Still, about 5,000 protesters gathered at Al-Azhar mosque after Friday prayers, carrying placards that said, "Shame upon you, Arabs of silence.”

Central Security troops eventually entered the mosque with eyewitness accounts counting some 15-security vehicles surrounding streets around the mosque.

Police attacked the demonstrators and dozens of arrests were made including at least 40 members of the opposition Muslim Brotherhood who prepared for the Friday demonstrations.

Reporters fair game

And demonstrations have not been limited to Cairo. Mass rallies and demonstrations have erupted in number of governorates throughout Egypt.

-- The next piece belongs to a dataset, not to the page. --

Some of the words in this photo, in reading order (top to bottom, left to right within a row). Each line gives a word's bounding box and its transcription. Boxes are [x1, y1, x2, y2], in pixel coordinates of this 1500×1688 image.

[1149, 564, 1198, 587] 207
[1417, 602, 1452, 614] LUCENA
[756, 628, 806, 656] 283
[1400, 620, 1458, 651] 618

Alexandria Minya, Assiut, Sohag Fayoum, Suez, Dakahliya, Qalubia, Port Said, Kafr El-Sheikh, Aswan, Munufeya and al- Arish have all seen protests in the last 12 days.

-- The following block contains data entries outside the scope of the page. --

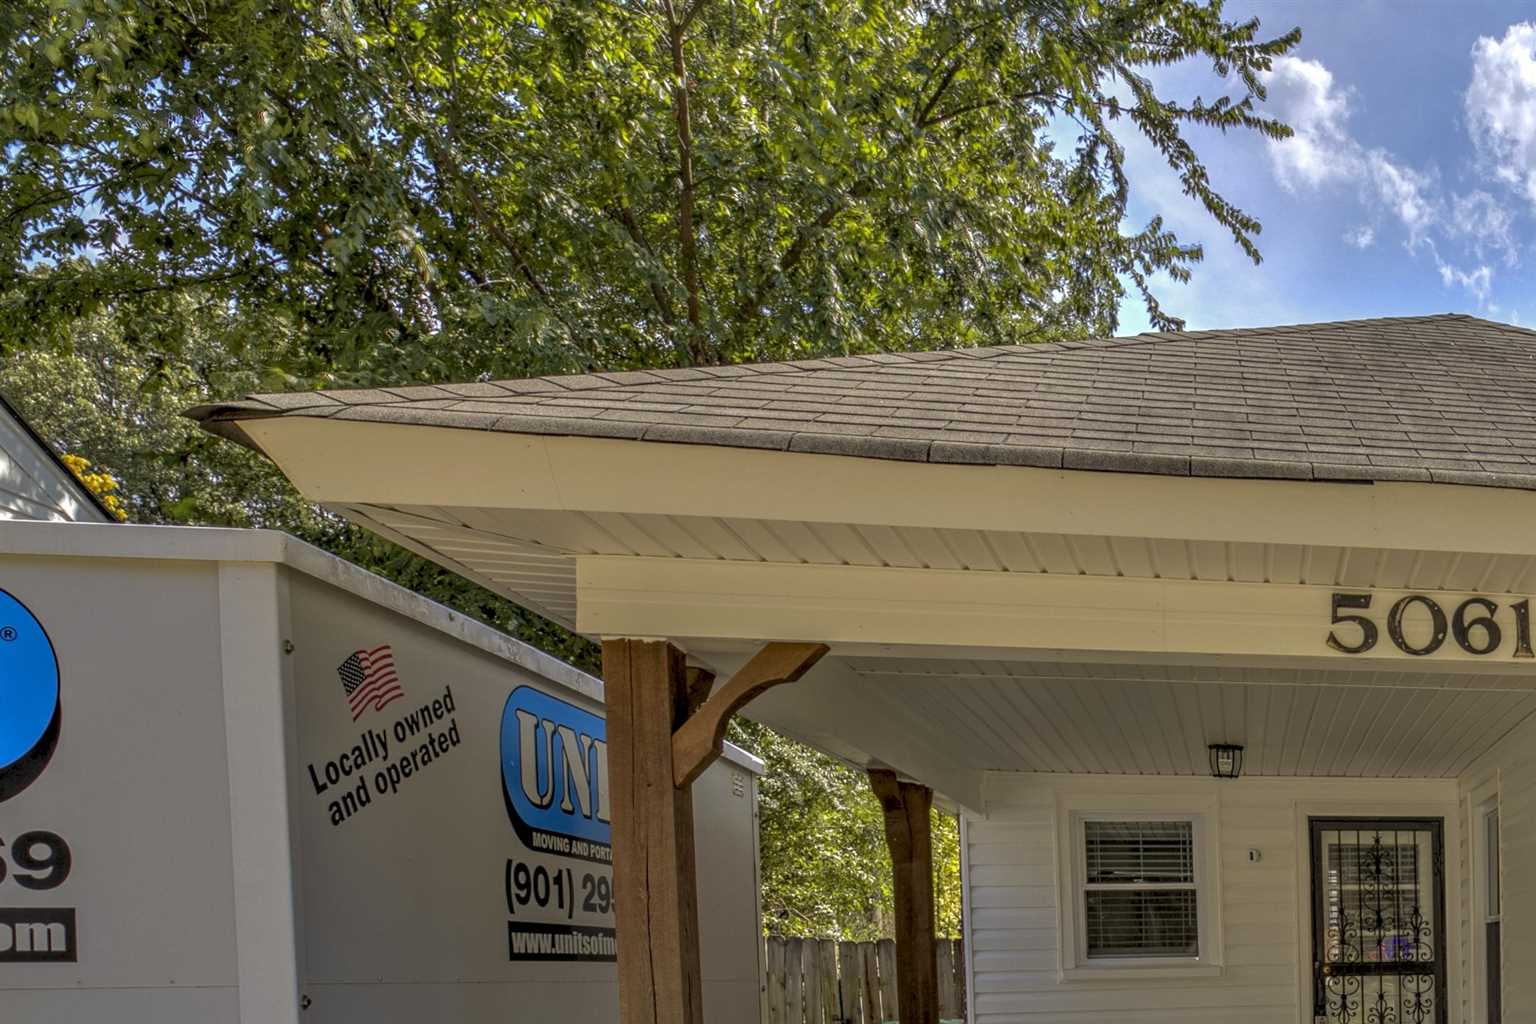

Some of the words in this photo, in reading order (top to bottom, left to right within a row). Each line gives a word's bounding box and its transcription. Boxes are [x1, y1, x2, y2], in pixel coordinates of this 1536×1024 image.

[1326, 592, 1535, 658] 5061
[308, 729, 389, 795] Locally
[394, 684, 456, 743] owned
[328, 775, 372, 826] and
[375, 718, 461, 794] operated
[0, 830, 72, 890] 9
[532, 831, 570, 853] MOVING
[571, 841, 590, 857] AND
[505, 858, 575, 919] (901)
[582, 873, 616, 914] 29
[511, 930, 617, 955] www.unitsofm
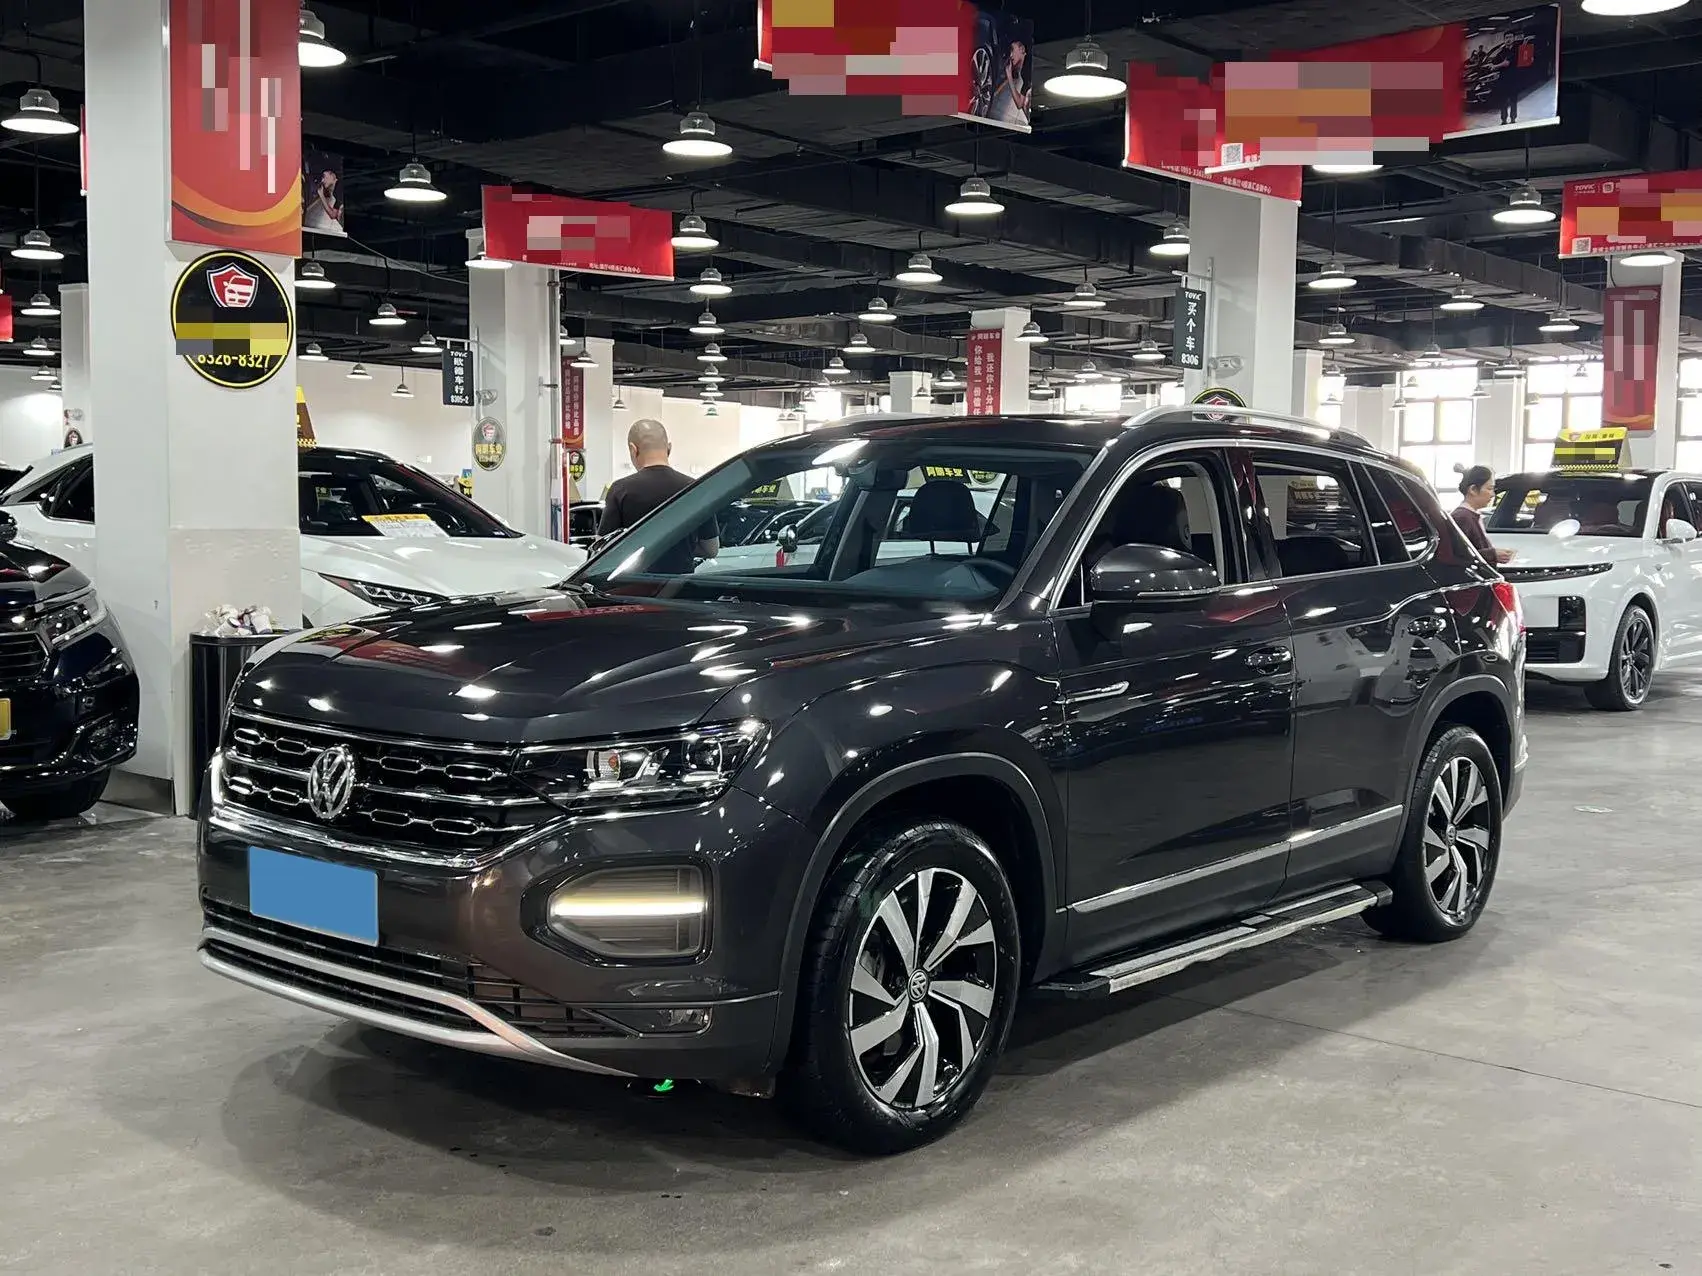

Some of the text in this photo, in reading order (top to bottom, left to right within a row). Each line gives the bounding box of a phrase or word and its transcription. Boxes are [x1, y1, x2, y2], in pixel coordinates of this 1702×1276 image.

[1186, 301, 1197, 351] 买个车
[1181, 352, 1200, 366] 8306

Rights groups are unsure of exactly how many demonstrators have been arrested in these outlying protests, and Egyptian security forces are finding it increasingly difficult to control the demos.

Egyptian security forces have also been targeting journalists as protests have continued unabated since Israel began its attack.
About 200 journalists and activists have so far been arrested while covering the mass protests.

During the December 31 protest in Cairo, journalists covering the Tahrir square demonstration organized by the Leftist Alliance were violently dispersed by security forces.

Plain-clothed police officers forced bystanders and journalists to leave the area. Journalists at the scene were manhandled, verbally abused and threatened with arrest if they did not leave the area sources at the demonstration told MENASSAT.

Students anger erupts everywhere

Student demonstrations have also been taking place on campuses all over Egypt. Trade unionists, professors and students held mass demonstrations to condemn what they called the “Israeli war machine” and “The silence of the Arab states.”

A series of demonstrations have been held at Cairo University, but the security presence has been heavy with Egyptian authorities worried the students would take their anger to the nearby Israeli embassy.

Some 800 Muslim Brotherhood students at Helwan University have staged a continuous demonstration in solidarity with Gaza, and at Al-Azhar University more then 4,000 students have protested over the last week despite a heavy security presence that has prevented them from hitting the streets.

Ain Shams University was also the scene of two rallies this past week, one led by Dr. Ahmed Zaki Badr, President of the University, and the second by the Muslim Brotherhood student association.

A diverse civic reaction

As with protests throughout the Arab world, the demonstrations in Egypt have been diverse with people from a wide range of backgrounds taking part - secularists, Islamists, leftists, university students, journalists and others

Hundreds of artists, actors and writers organized a protest in Elgiza last week condemning the Israeli aggression. Protesters demanded an immediate halt to the export of Egyptian gas to Israel and expulsion of the Israeli ambassador. Khaled Elsawy, writer Fathia Elassal and Professor Ahmed Sakhsookh were some of the artists participating in the protest.

The Bar Association and the Medical Association have also organized demonstrations, and the Egyptian Popular Committee for Solidarity signed a petition demanding that Egyptian authorities open the Rafah crossing, the expulsion of the Ambassador of Israel.

The group has also called for the cessation of all forms of normalization with Israel, and they announced they would organize a convoy of relief to be sent to Gaza.